Johnson is one of the best defenders in the draft. He’s very good on the ball, and solid off the ball as well. He can guard 1-4, and I would say some 5’s also because of his strength. That is important in switching schemes, which many NBA teams run. He’s very physical and plays with elite effort. I believe he’s best as a small ball 4, and when taller players try to post him up, he does a great job of holding his ground because his strength. He’s great at guarding wings, but not great at guarding super quick point guards yet. He doesn’t have the quickness you’d expect from a lockdown defender, so he will struggle to stay in front of elite guards. Despite that weakness, he should be very good defending wings in the NBA.

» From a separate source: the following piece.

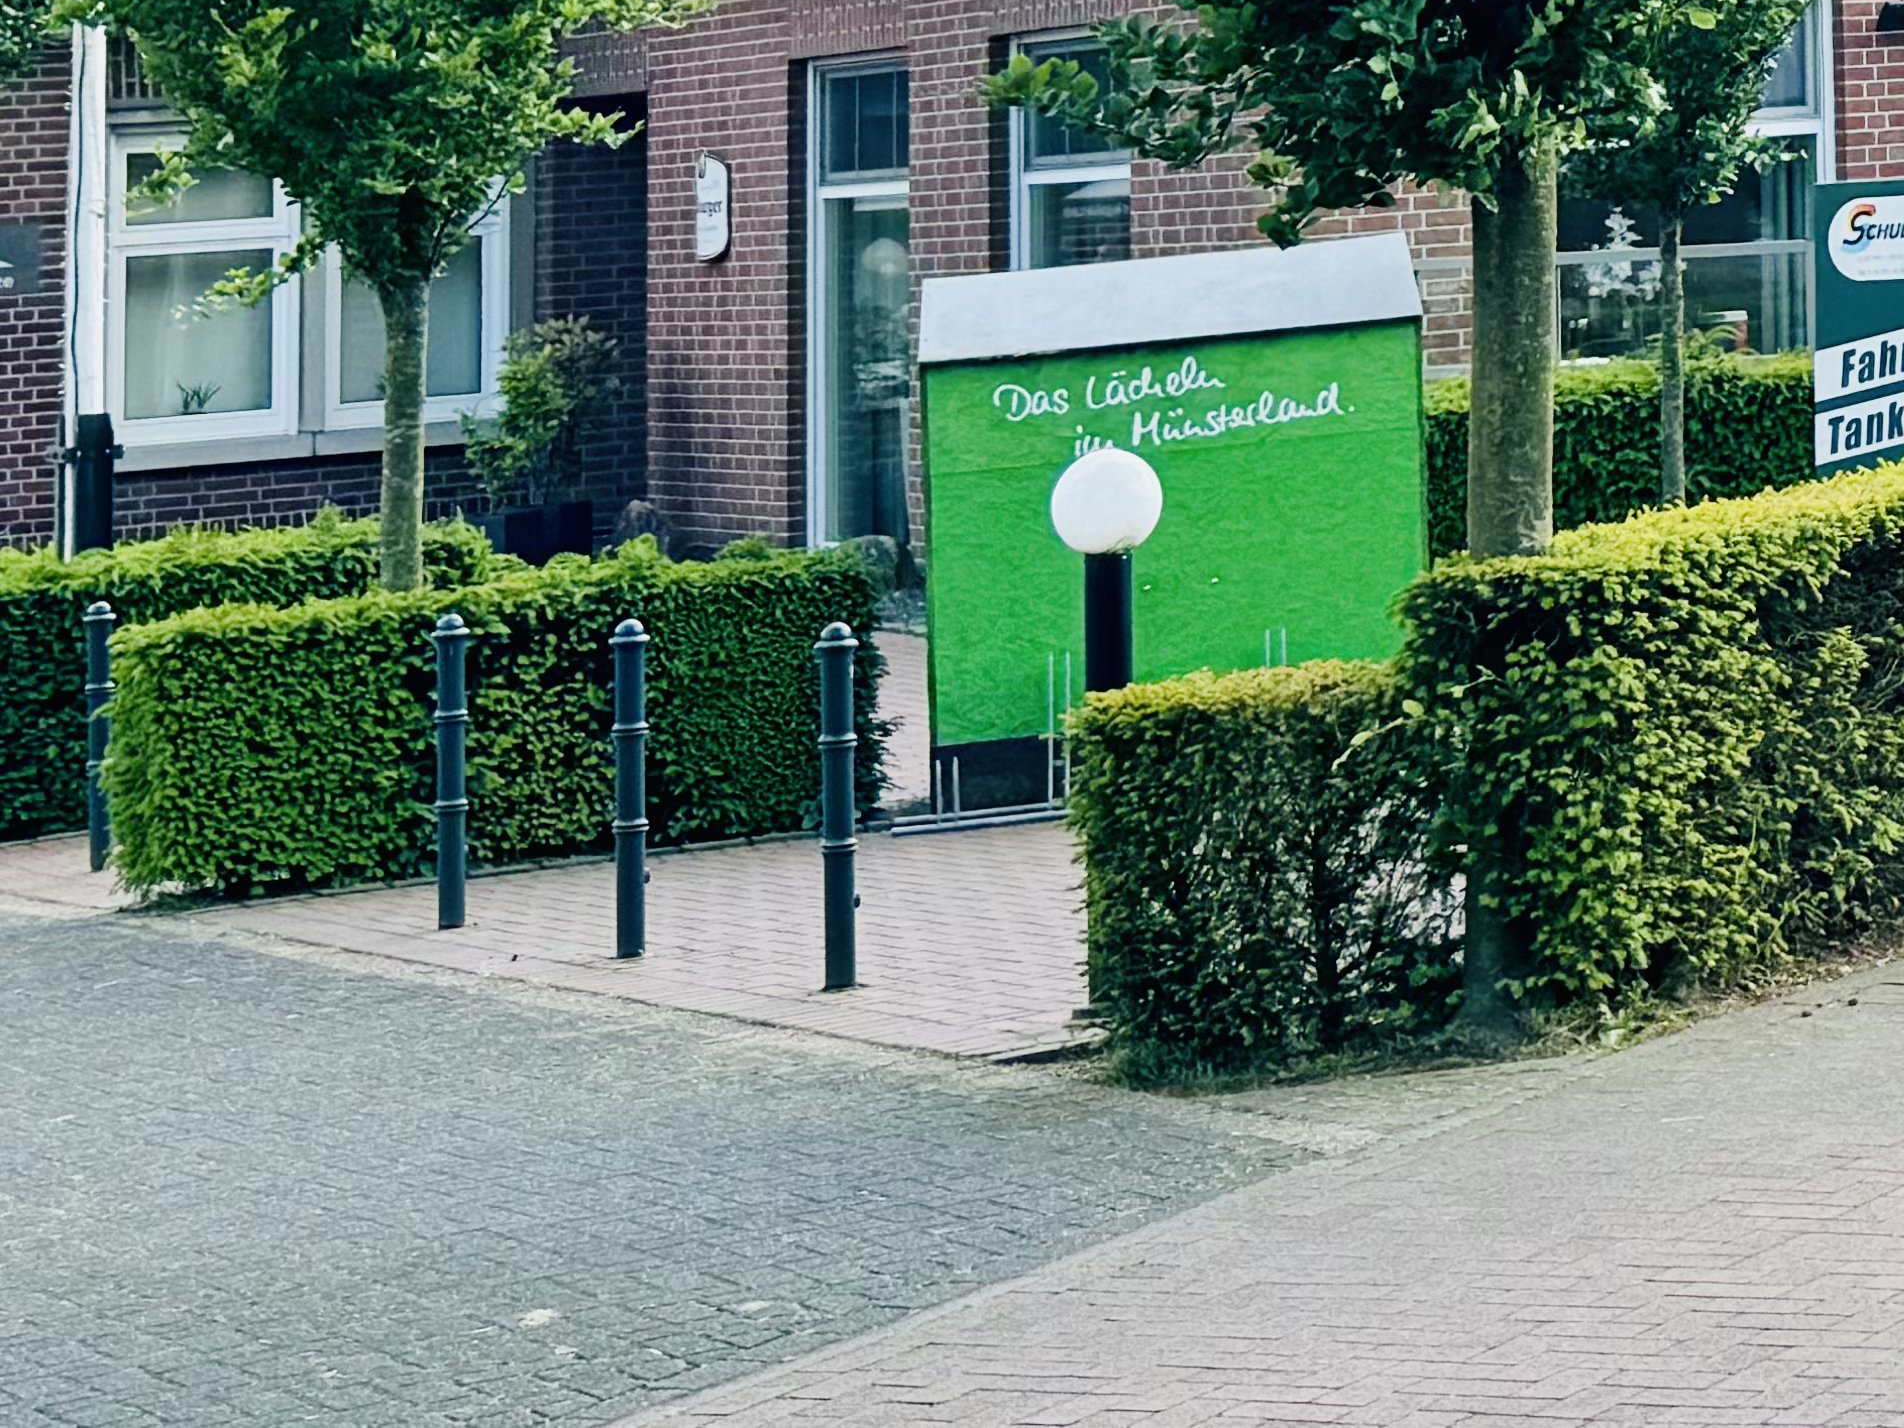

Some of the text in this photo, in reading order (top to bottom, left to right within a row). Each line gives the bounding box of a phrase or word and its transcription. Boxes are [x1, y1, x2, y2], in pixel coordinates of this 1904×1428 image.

[993, 355, 1226, 422] Das Lächeln
[1131, 381, 1355, 446] Münsterland.

Johnson will spend almost all his time in the NBA off the ball. He’s a solid spot up player and was in the 81st percentile last year. He does need to work on his confidence in his three ball. He shot in the 38th percentile but still isn’t that confident. He’s not as good of a shooter as the percentage suggests, he only made 1.6 threes per 40 minutes, but he is still a solid shooter. In spot up situations he only takes a no dribble jumper 41% of the time for 1.293PPP. His total spot up efficiency was 1.083PPP, so this shows he would likely be more efficient in spot ups overall if he shot more spot up jumpers. He’s good at catching with his feet in the air and getting downhill and attacking the rim on a straight line. If he shoots more teams will be forced to close out harder on him, and it will be even easier for him to get downhill.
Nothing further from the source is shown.